A milestone for the American civil rights movement, the Civil Rights Act was signed into law by which U.S. president?


Lyndon B. Johnson 

John F. Kennedy had proposed the Civil Rights Act in 1963, but the act was stymied by Congress. His successor, Lyndon B. Johnson, was able to push through a stronger version of the bill, which officially banned segregation on the basis of race, religion, or national origin in many areas of society and eliminated discriminatory obstacles to voting, such as literacy tests.


400

At the age of 35, Martin Luther King Jr. was the youngest person to win what? 


The Nobel Peace Prize

On the morning of 14 October 1964, Martin Luther King, sleeping in an Atlanta hospital room after checking in for a rest, was awakened by a phone call from his wife, Coretta Scott King, telling him that he had been awarded the Nobel Prize for Peace. 

 

400

An engineer, physician and former NASA astronaut, she was also the first African-American woman to travel in space, serving as a mission specialist aboard the Space Shuttle Endeavour in 1992. 


Mae Jemison

Jemison's work with NASA before her shuttle launch included launch support activities at the Kennedy Space Center in Florida and verification of Shuttle computer software in the Shuttle Avionics Integration Laboratory (SAIL). On September 28, 1989, she was selected to join the STS-47 crew as Mission Specialist 4 and was also designated Science Mission Specialist, a new astronaut role being tested by NASA to focus on scientific experiments. 


400

This black-power political organization was founded by college students in 1966 in Oakland, California.

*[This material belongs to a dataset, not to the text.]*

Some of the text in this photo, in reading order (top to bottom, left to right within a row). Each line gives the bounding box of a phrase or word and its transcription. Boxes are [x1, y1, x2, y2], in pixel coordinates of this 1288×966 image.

Hint: They were named after a type of big cat!

The Black Panthers

In addition to challenging police brutality, the Black Panther Party launched more than 35 Survival Programs and provided community help, such as education, tuberculosis testing, legal aid, transportation assistance, ambulance service, and the manufacture and distribution of free shoes to poor people. 


500

Rather than adhere to nonviolence, which leader urged his followers to defend themselves and famously pursued civil rights “by any means necessary”?

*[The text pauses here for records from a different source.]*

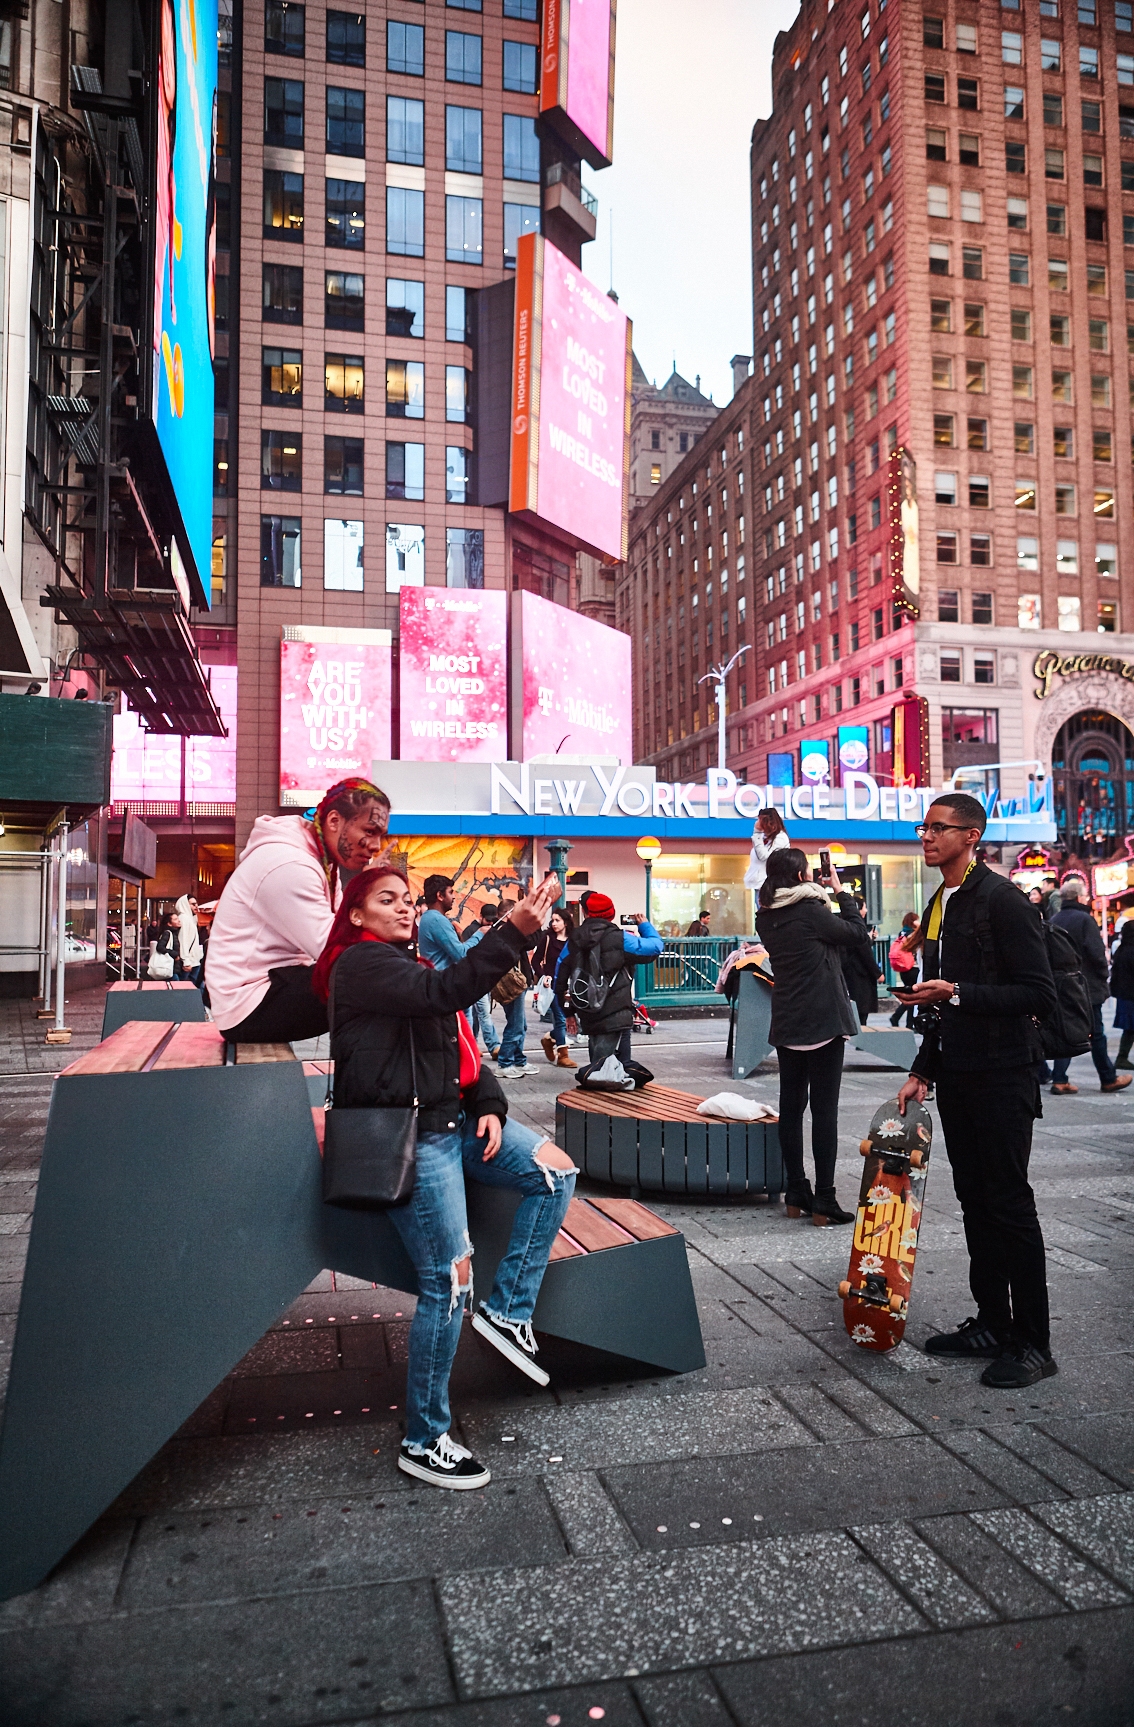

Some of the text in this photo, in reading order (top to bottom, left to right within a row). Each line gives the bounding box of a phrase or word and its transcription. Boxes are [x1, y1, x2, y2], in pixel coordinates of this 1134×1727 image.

[547, 1, 556, 49] THOMSON
[517, 309, 529, 410] THOMSON REUTERS
[566, 336, 606, 385] MOST
[562, 366, 608, 417] LOVED
[577, 409, 593, 440] IN
[308, 661, 361, 685] ARE
[429, 656, 480, 674] MOST
[307, 682, 362, 707] YOU
[425, 677, 484, 695] LOVED
[302, 705, 367, 729] WITH
[446, 700, 464, 716] IN
[309, 728, 358, 751] US?
[410, 720, 498, 739] WIRELESS
[854, 1188, 916, 1263] GIRL
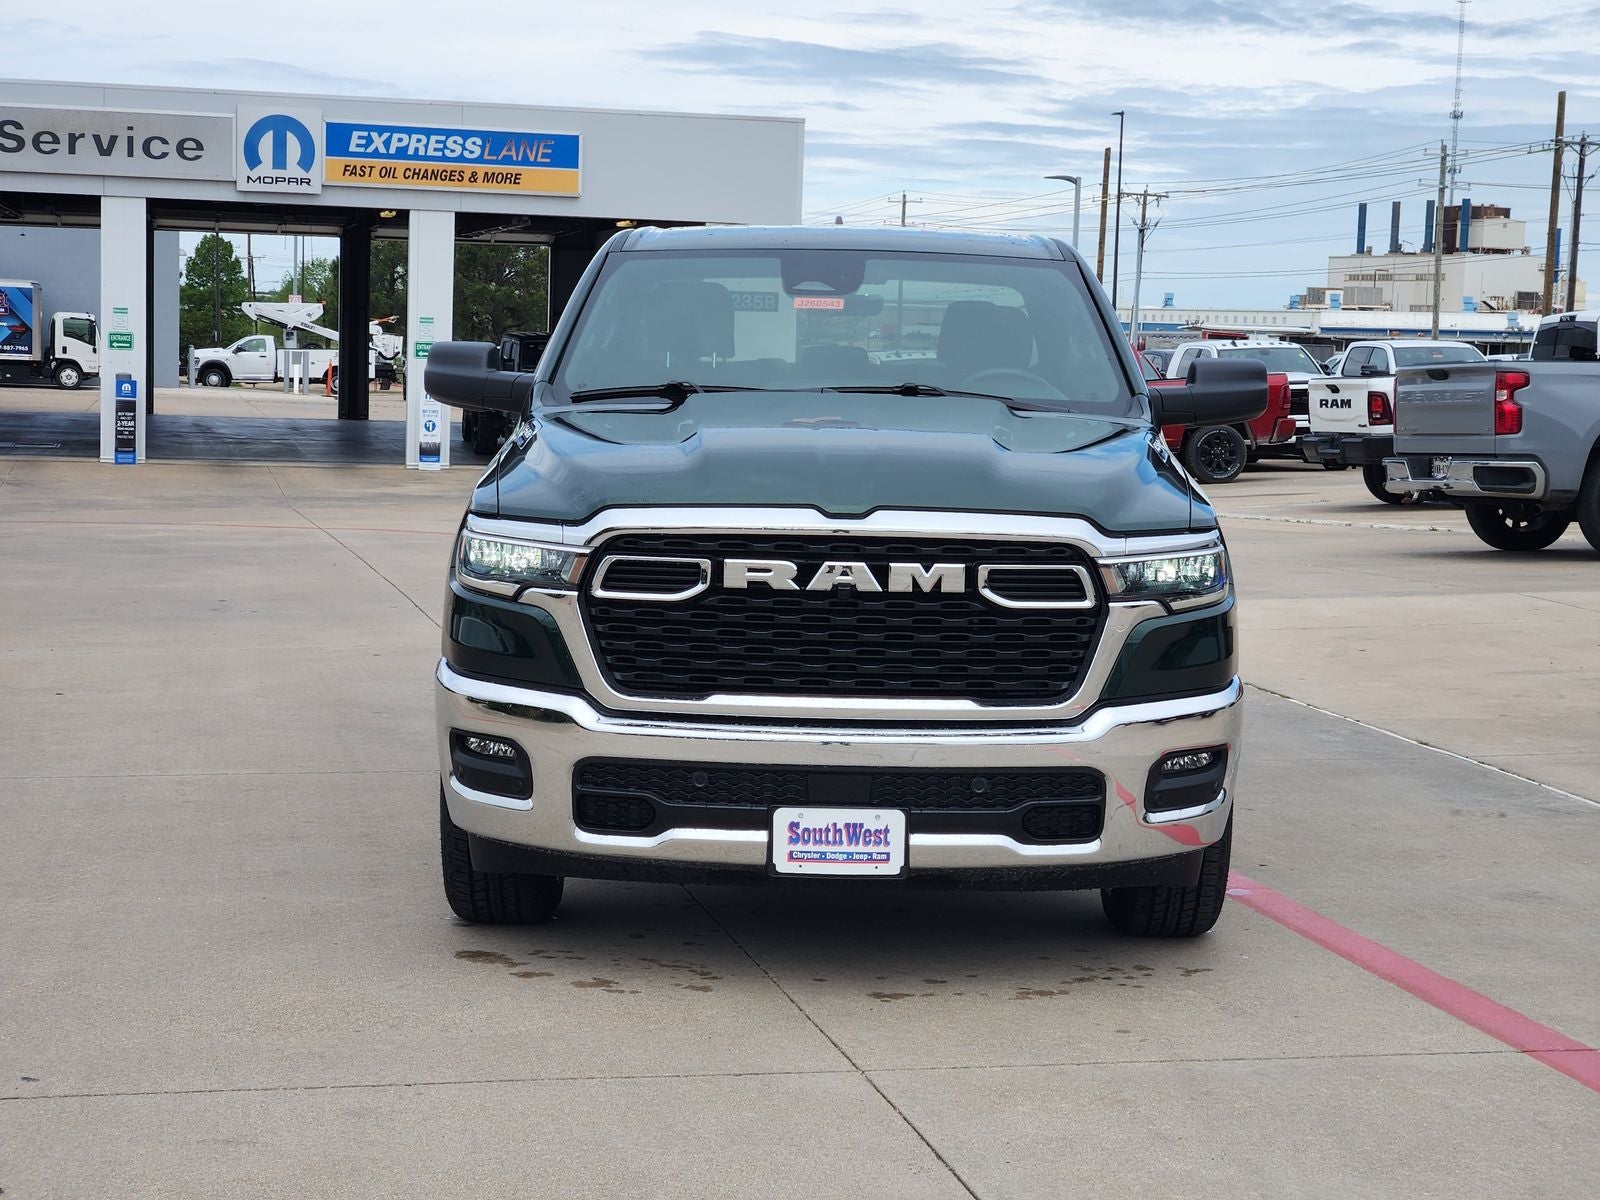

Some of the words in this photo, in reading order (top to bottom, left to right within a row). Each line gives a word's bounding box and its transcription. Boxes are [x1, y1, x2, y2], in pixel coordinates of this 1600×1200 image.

[0, 119, 205, 161] Service
[246, 175, 312, 187] MOPAR
[342, 165, 375, 178] FAST
[379, 166, 398, 179] OIL
[403, 168, 464, 183] CHANGES
[468, 171, 478, 183] &
[482, 171, 522, 185] MORE
[110, 334, 131, 342] ENTRANCE
[1319, 398, 1352, 409] RAM
[724, 558, 966, 593] RAM
[787, 821, 891, 847] SouthWest
[792, 851, 820, 861] Chrysler
[826, 852, 847, 861] Dodge
[852, 853, 868, 862] Jeep

Hint: He has the letter X in his name.

Malcom X

Malcolm X used the phrase “by any means necessary” during a 1964 speech at the founding of the Organization of Afro-American Unity. He did not encourage wanton violence but did urge his followers to defend themselves.


500

in 1968, Shirley Chisholm became the first African American woman elected to what branch of the federal government?

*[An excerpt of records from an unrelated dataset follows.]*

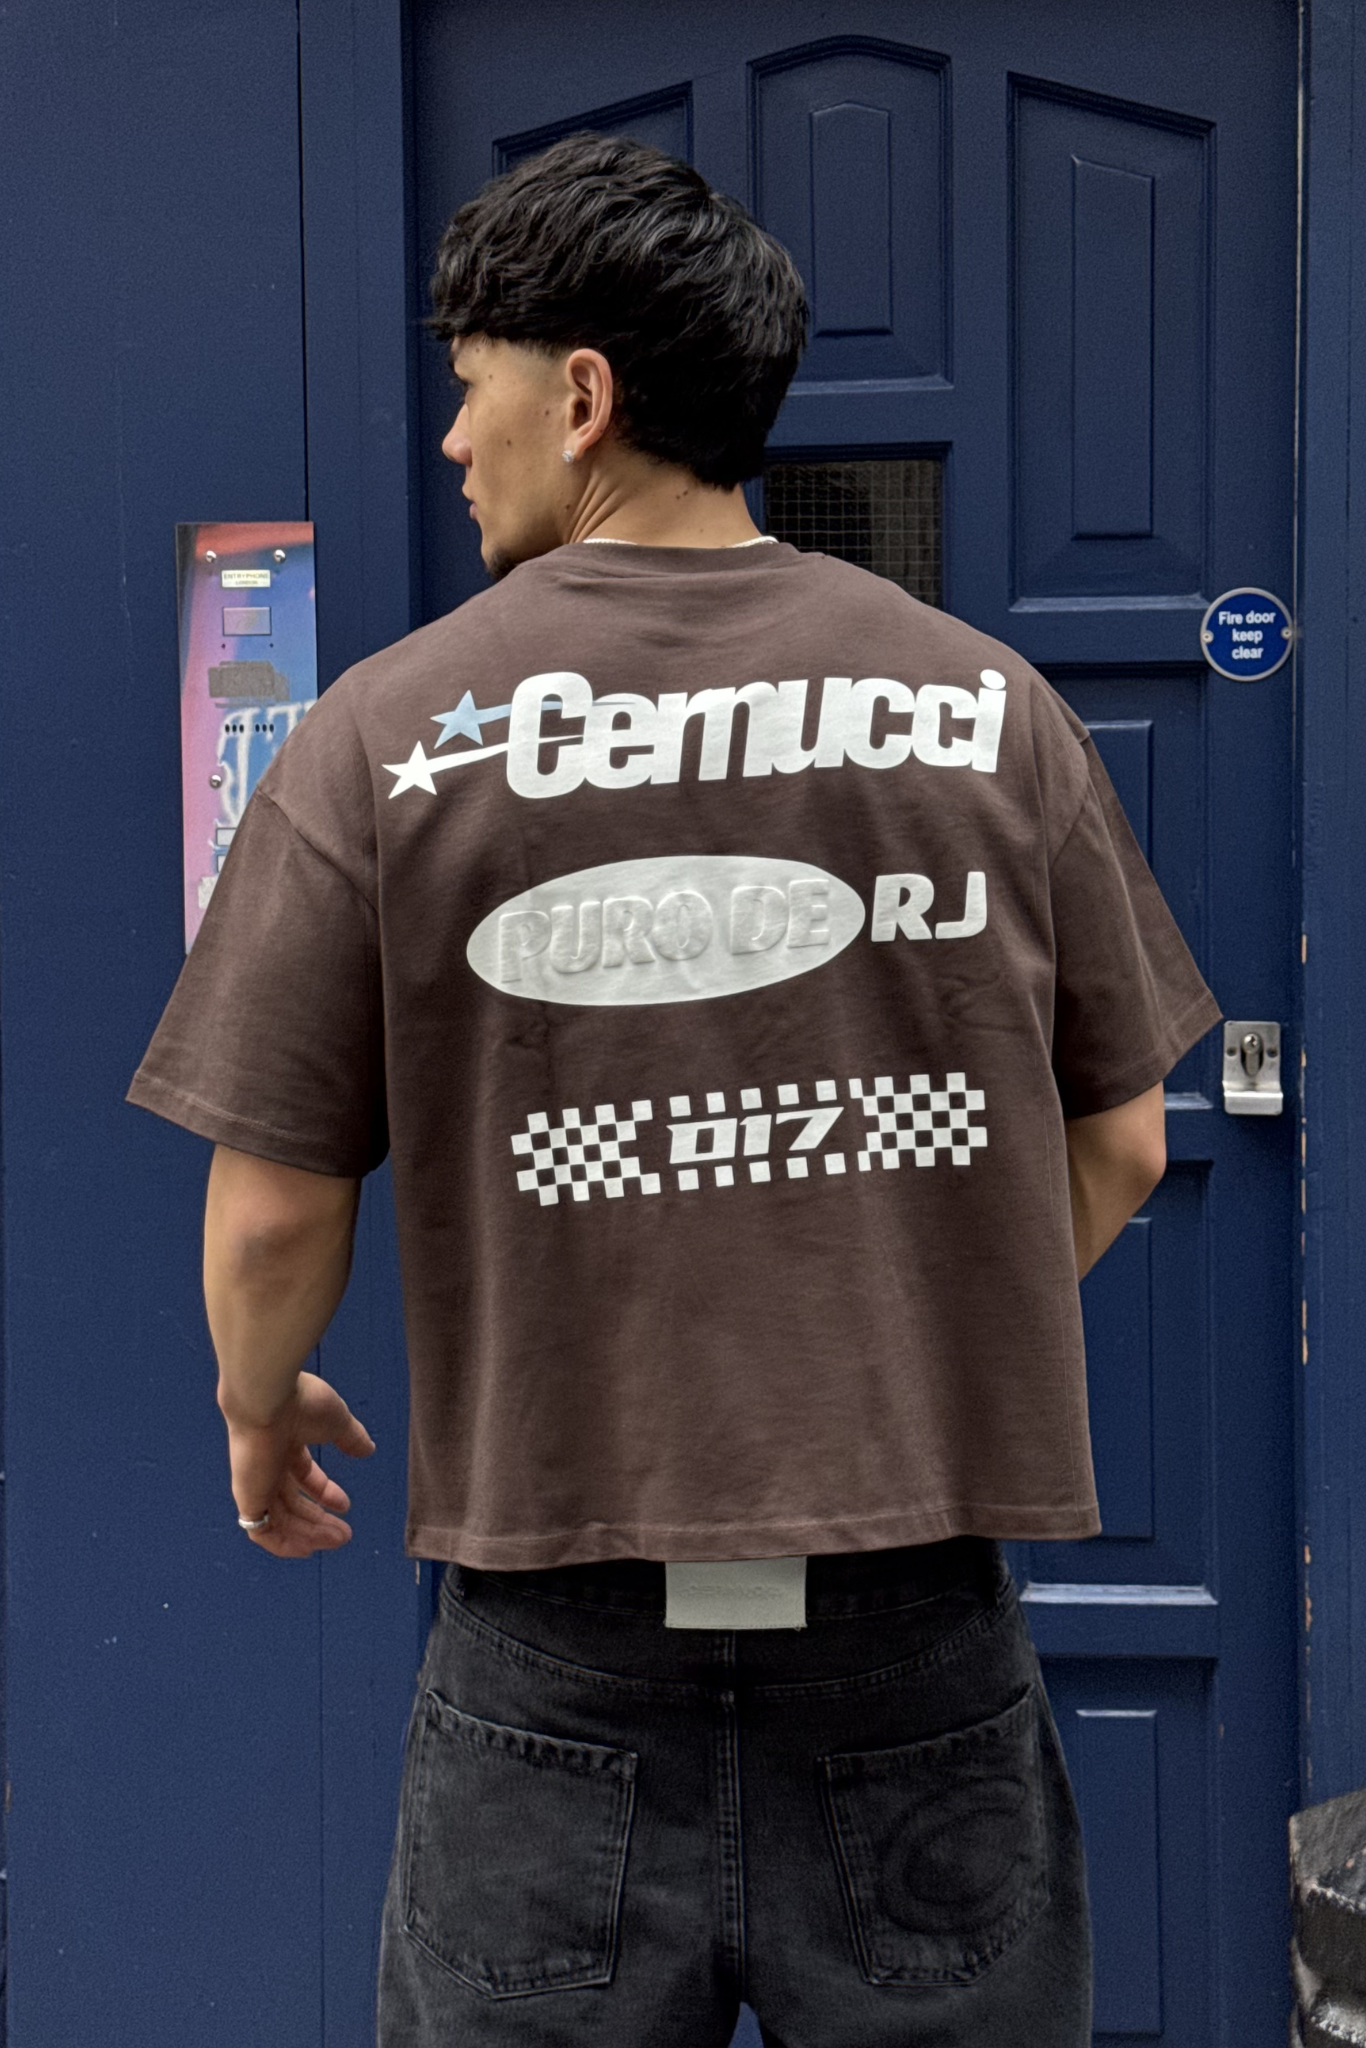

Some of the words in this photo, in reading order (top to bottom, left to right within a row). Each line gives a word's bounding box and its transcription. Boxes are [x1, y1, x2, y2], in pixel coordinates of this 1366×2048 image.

[1218, 611, 1243, 625] Fire
[1245, 610, 1276, 624] door
[1232, 628, 1263, 644] keep
[1231, 645, 1264, 660] clear
[499, 890, 714, 983] PURO
[729, 878, 830, 955] DE
[871, 871, 988, 942] RJ
[666, 1106, 845, 1164] 017

The Legislative Branch or Congress!

Chisolm represented the 12th district of New York in the U.S. House of Representatives from 1969 to 1983. Though she was unsuccessful in her campaign to become the Democratic Party’s 1972 presidential nominee, her “Unbought and Unbossed” slogan has influenced Black leaders for decades since then.


500

What was Martin Luther King Jr.'s favorite dessert? 


Pecan Pie

Martin Luther King also liked fried chicken, macaroni and cheese, as well as a lesser known dessert from his mother's recipe book: Quilly! Quilly is made using plain gelatin, water, sugar, heavy whipping cream, almonds, stale macaroons, marshmallows, vanilla extract and fruit salad. 


500

An early American civil aviator, she was the first African-American woman to hold a pilot license.


Bessie Coleman

Bessie Coleman took a French-language class at the Berlitz Language Schools in Chicago and then traveled to Paris, France, on November 20, 1920, so that she could earn her pilot license. She learned to fly in a Nieuport 564 biplane with "a steering system that consisted of a vertical stick the thickness of a baseball bat in front of the pilot and a rudder bar under the pilot's feet." 


500

A 2022 federal act that defines lynching as a hate crime was named after which child who was lynched after allegedly speaking to a white woman in Mississippi?

Emmett Till

In 1955, 14-year-old Emmett Till was lynched after allegedly speaking to a white woman in Mississippi. His assailants were found not guilty. Photos of him were published in newspapers and magazines, which made his murder a rallying point in the civil rights movement. In 2022 the Emmett Till Antilynching Act made lynching a federal hate crime.